I wonder if you could arrange your itinerary so that you could make a day trip from Las Vegas through Death Valley NP. That is recommended here on TA all the time, and you can make it a circular route through Scotty's Castle to the northeast of the park, and out towards Beatty, NV. Leave Las Vegas from Interstate 15 south of Downtown Las Vegas to NV State Route 160 west to Pahrump, NV. Take Bell Vista Road -- > State Line Road to Death Valley Junction and CA Route 127 -- > CA Route 190 to the Death Valley Visitor's Center to get oriented. This is the southern and east area of the park, and a place to get food (I'd get my car fuel and grocery items in Pahrump. . . much less expensive there) and use restrooms, etc. Then see the park as desired, and exit via Scotty's Castle.

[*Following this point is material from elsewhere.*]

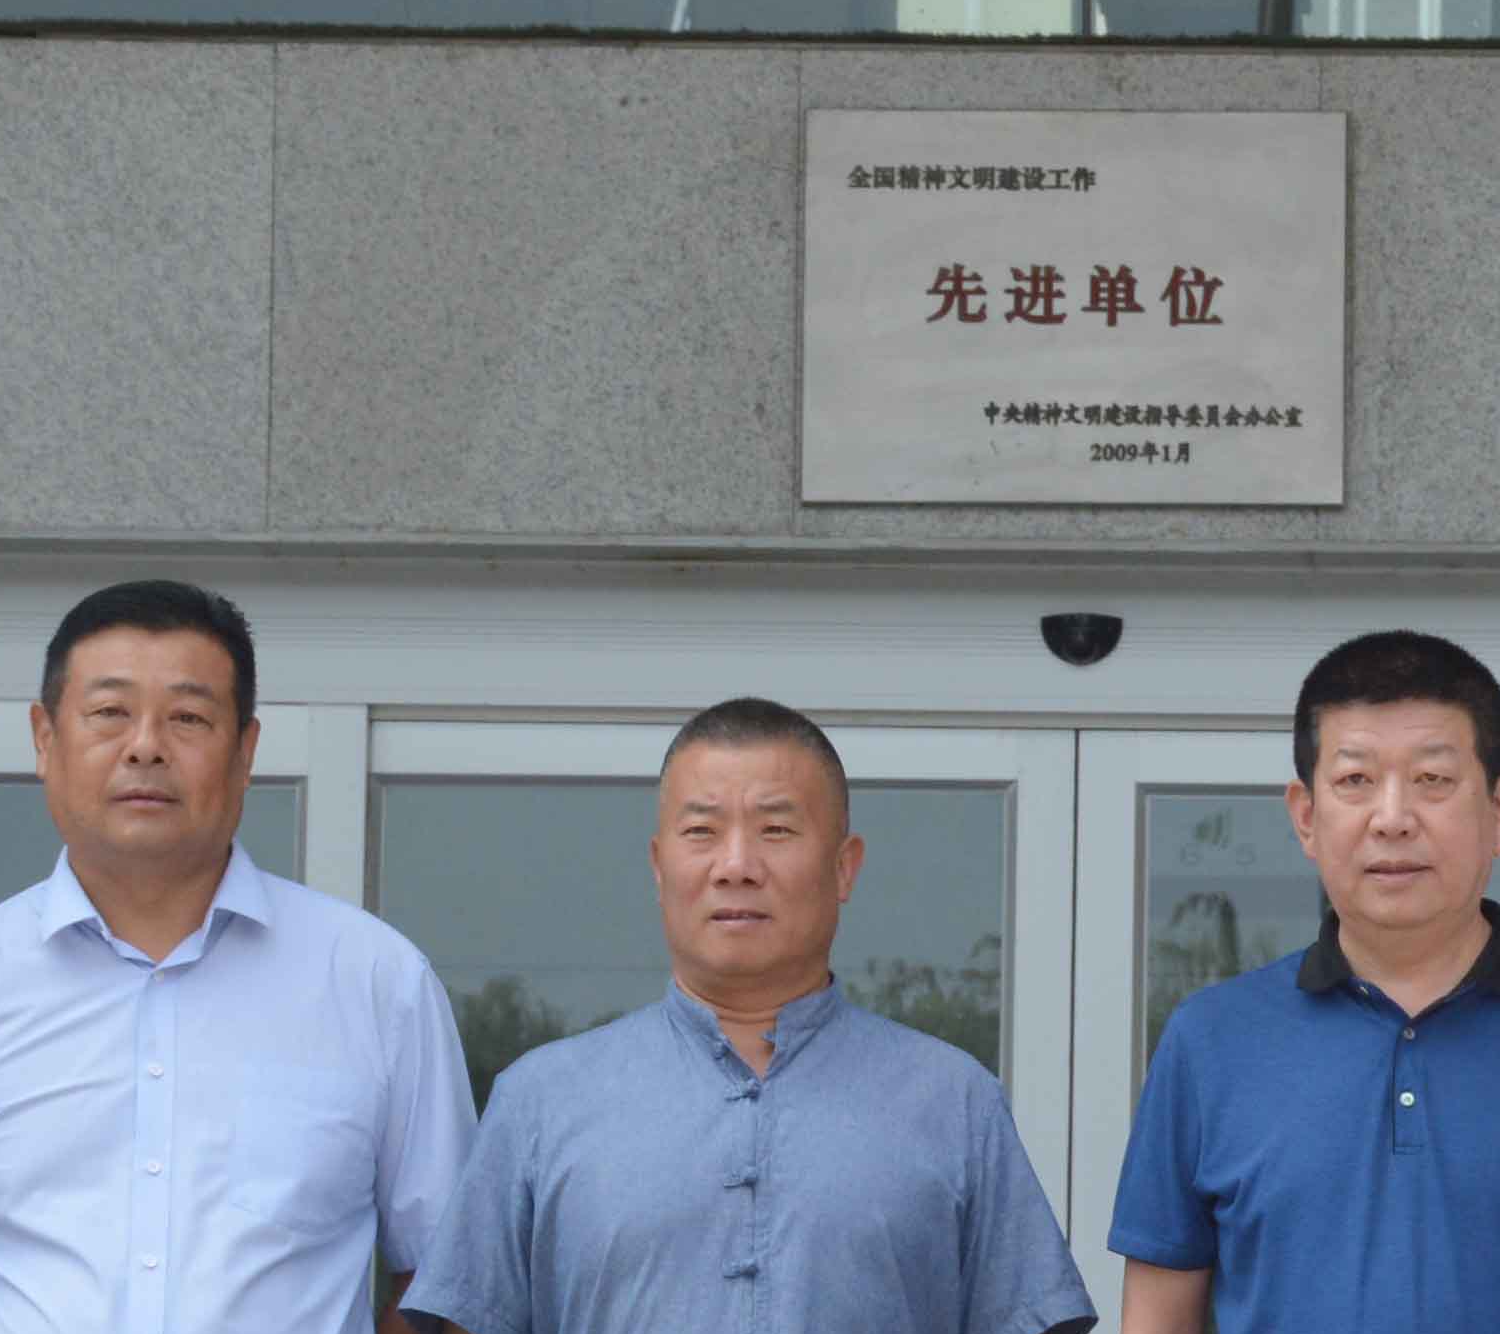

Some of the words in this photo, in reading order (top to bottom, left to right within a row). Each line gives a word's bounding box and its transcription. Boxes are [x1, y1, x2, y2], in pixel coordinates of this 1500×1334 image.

[846, 165, 1097, 192] 全国精神文明建设工作
[925, 262, 1225, 327] 先进单位
[983, 401, 1303, 429] 中央精神文明建设指导委员会办公室
[1090, 442, 1192, 465] 2009年1月

Or. . . See Death Valley NP from Las Vegas, and spend the night in Lone Pine, CA. Lone Pine is a great place for tourists, where much western movie filmmaking has taken (and take) place. Film Museum in the middle of town, and tours of the Alabama Hills are available on your own or in a group with a tour guide. Talk to the friendly docents at the museum for details. The Dow Villa Hotel is both an historic hotel you can sleep in just like the old western film stars did, and a modern up to date hotel (it offers both). Recommended. Then travel south to Los Angeles.
If you'd like more information on the Mojave Desert area you will be traversing, I'd be happy to help. I'm a native here, and can show you some not as well known sites that depending on your interests could well prove to be enjoyable and very satisfying.

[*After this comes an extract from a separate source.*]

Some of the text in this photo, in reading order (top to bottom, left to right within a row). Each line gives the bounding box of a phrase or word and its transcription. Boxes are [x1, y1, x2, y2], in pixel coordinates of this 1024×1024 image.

As my Mother would say: "see America at 65 miles per hour!"
Sounds like it is asking a bit much to drive through Death Valley in one day and really appreciate all there is to see. Unfortunately our schedule is pretty tight and won't allow us to stay longer and the agent we booked through told me it would have been easy nevermind I should have researched a little more before confirmation. I wonder what would be a nice scenic drive to take from Vegas to LA in one day? Google maps tells me it's just over 5 hours so I am keen to know what slight detours would be worth seeing ?
How about dropping a day from LV or LA?
You can drive via Mojave National Preserve. Take I15 south of Las Vegas and take Cima exit 272 to Cima (semi ghosttown). You'll see the largest concentration of Joshua Trees in the world on this drive. Then drive along the tracks of Union Pacific on a "dips" road to Kelso. Stop at Kelso depot and museum and have a drink at The Beanery (when open). See the huge trains pass. see Kelso Dunes from a distance. Then drive Kelbaker rd to Baker and back on I15. This all is doable on a daytrip.South of Baker you'll see the curious xxyzx sign along the interstate. Baker has the tallest thermometer in the world but it's out of order right now.
Unfortunately The Beanery is now closed.
That's very sad Dez....
That really is too bad.
I wouldn't go to Baker or Primm and pass up the opportunity to have lunch in a unique, historic site like the Kelso Depot. It's about the experience, and sometimes maximizing the experience means compromising a bit on parts of it that are less essential, like more limited food selections.
It's a challenge to run any kind of business in a remote place like Mojave NP, but even more so when it involves perishable goods. The park doesn't get the kind of visitation that Death Valley does and doesn't have lodging other than camping, so it doesn't pay an operator to keep lots of inventory, especially food. I hope the NPS can find another concessioner to reopen the lunch room so people who do relish this kind of experience WON'T be stuck with going to Baker.
Before opening The Beanery again we went to Kelso Depot in 2007 and had such a great time there and the Beanery already was restored but no staff. They even offered DW a job there -lol- I was so glad it was opened after that and we have been back there several times and had something to eat. I also hope they can find staff on short notice but as we all know it's so remote.